As part of the strategy employed by Clunie, tactical positions are traded around a portfolio of long and short holdings that are more strucutural in nature. Admittedly hard to time, Clunie is currently adding to the tactical short book of the portfolio.
”There is always a critical timing component to finding profitable tactical trades, especially when shorting stocks. Our strength I believe lies in our understanding of stock lending and short selling data that feeds into the investment process. By reviewing this data on a daily basis we get a good feel for when to enter a trade and when to stay out, besides it give us valuable information about the overall market sentiment”.

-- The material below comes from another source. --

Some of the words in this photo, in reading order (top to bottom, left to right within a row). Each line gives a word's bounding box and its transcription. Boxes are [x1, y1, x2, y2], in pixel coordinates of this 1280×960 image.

”We see rich opportunities in the short book as what we perceive to be over-priced growth stocks now are undergoing a re-evaluation compared to value stocks. Value companies have been out of fashion for quite some time but as investors are re-pricing risk in the wake of increased uncertainty about the global economy, these are representing good value from a risk/return standpoint”, Clunie explains;
Clunie argues that many of the high profile growth stocks that have seen massive rallies in recent years have profited from the combination of a risk seeking environment and successful ”storytelling”. By storytelling he refers to a behavioural aspect where stakeholders in a company, such as the management team, brokers and investors, rely upon a compelling story to propel valuations to levels seemingly difficult to justify using standard valuation metrices.
”The value of a good story tends to play a more significant part in the market ́s perceptions of acceptable valuations bwhen stock prices become disengaged from fundamentals”, Clunie says;
”With economic growth scarce and interest rates extremely low, the market has been willing to chase companies with optimistic growth strategies, which include a high amount of leverage and a tendency to make serial acquisitions and to use cash flows for share buybacks – a short sighted strategy that could prove devastating for long term shareholder value”, he argues.

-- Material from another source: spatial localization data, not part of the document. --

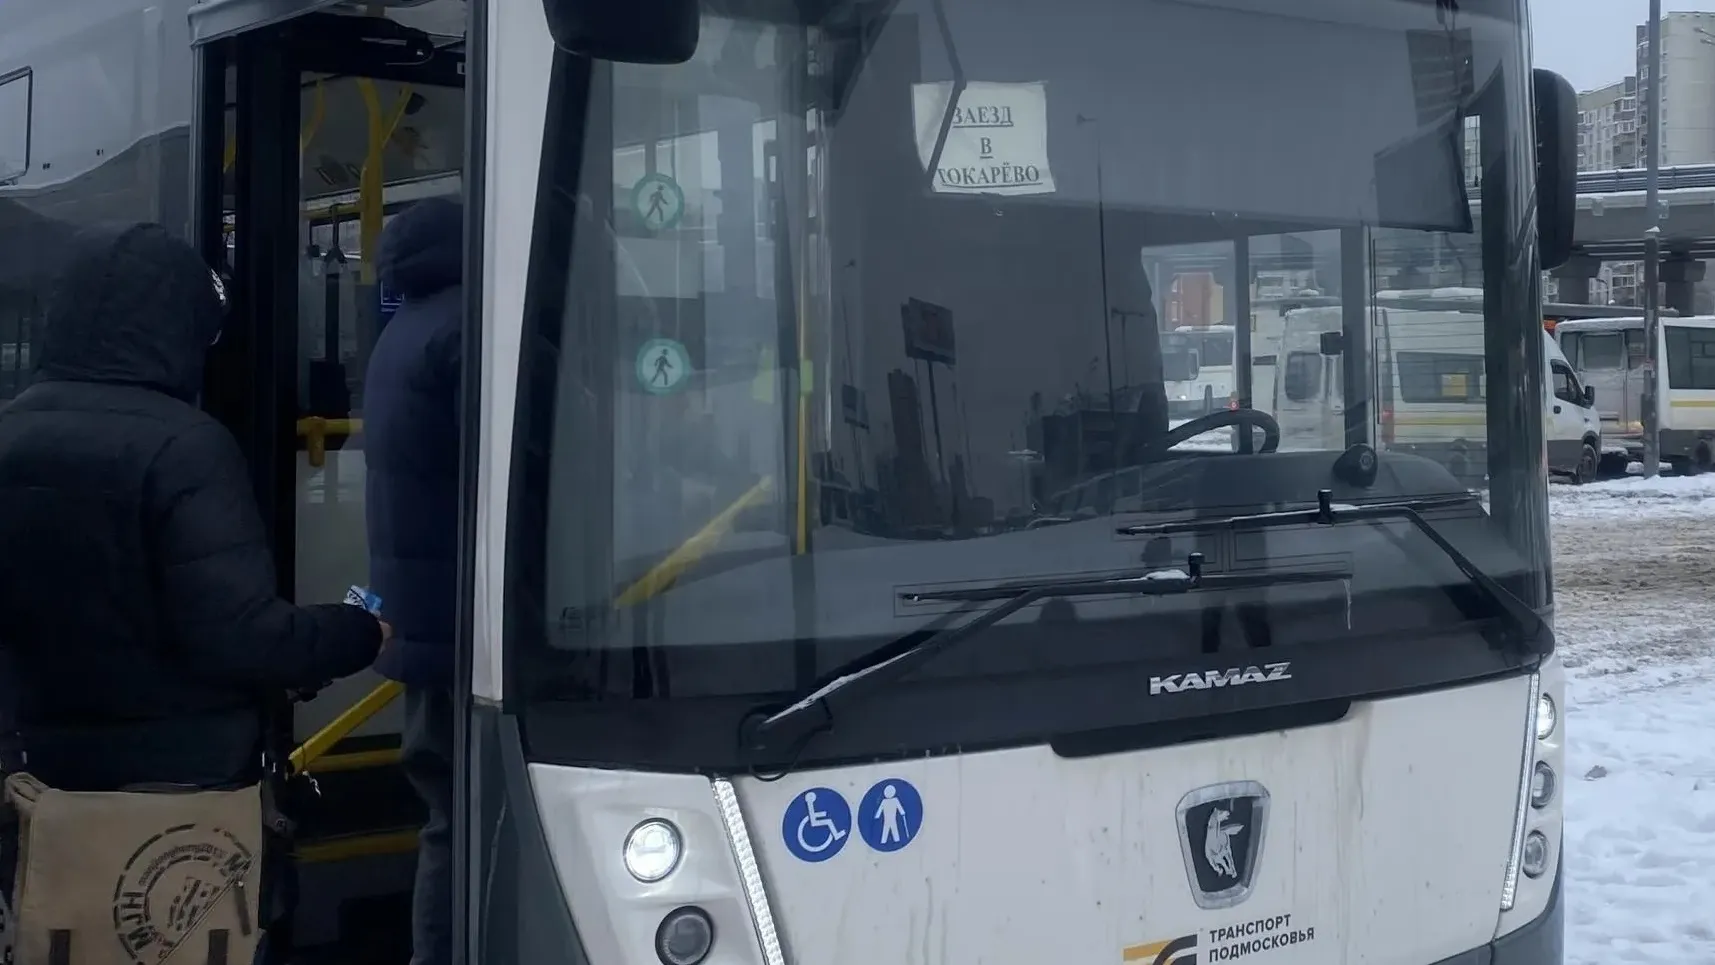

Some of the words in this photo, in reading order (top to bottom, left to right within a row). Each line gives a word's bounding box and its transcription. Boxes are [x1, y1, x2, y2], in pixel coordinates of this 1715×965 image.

[953, 106, 1013, 125] ЗАЕЗД
[980, 137, 992, 154] В
[1150, 662, 1292, 695] KAMAZ
[1209, 913, 1291, 943] ТРАНСПОРТ
[1209, 927, 1315, 963] ПОДМОСКОВЬЯ

As examples of companies benefiting from storytelling, Clunie mentions the so-called ”fangs” (Facebook, Amazon, Netflix and Google) where he sees risks in how the market is pricing these stocks relative to their fundamental characteristics.
”The prices these stocks command suggest the market is certain of these companies succeeding and not discounting any probability that they might fail, or at the very least hit speed bumps along the way”, Clunie says.
Clunie mentions Netflix as an example of a stock which he believes has been overly rewarded for its growth prospects where investors are buying into its disruptive force in the television market.
”Netflix is a prime example of a company with disruptive technology that commands a high market premium, it is emblematic of the sort of ’glamour’ growth stock that is very much in vogue. It currently trades at a price to earnings ratio of 285 times as compared to a sector average of about 16. At that level, the market is expecting an exponential growth in subscriber numbers and unfettered execution of the company ́s business strategy. There is little discount for risks such as an increase in content costs or competition from the likes of Amazon and Yahoo.
Clunie also recognizes how little emphasis is put on the impact of global economic events on these growth companies. Investors have bought into the disruption story with full force and largely ignored events in the larger economy, such as worries about China and the efficacy of central bank policy to stimulate growth, that has had signficant negative effects on the commodity sector for example. There has been a sense that fangs and growth stocks like them have somehow been immune to macroeconomic risk factors.”
Clunie and his investment team have found opportunities to ”trade against the grain” as the valuation gap between growth and value stocks has widened and are currently net short of equities in the investment mandates they are running.
”We have a meaningful short exposure to growth businesses in the US that we believe either have hubristic capital intensive growth strategies and/or unsustainable market ratings. These positions are balanced against a long book of ”value out of fashion” stocks that we believe are undervalued in relative terms and that we anticipate have the potential to outperform as the current risk regime unwinds and investors start focusing on fundamentals again.”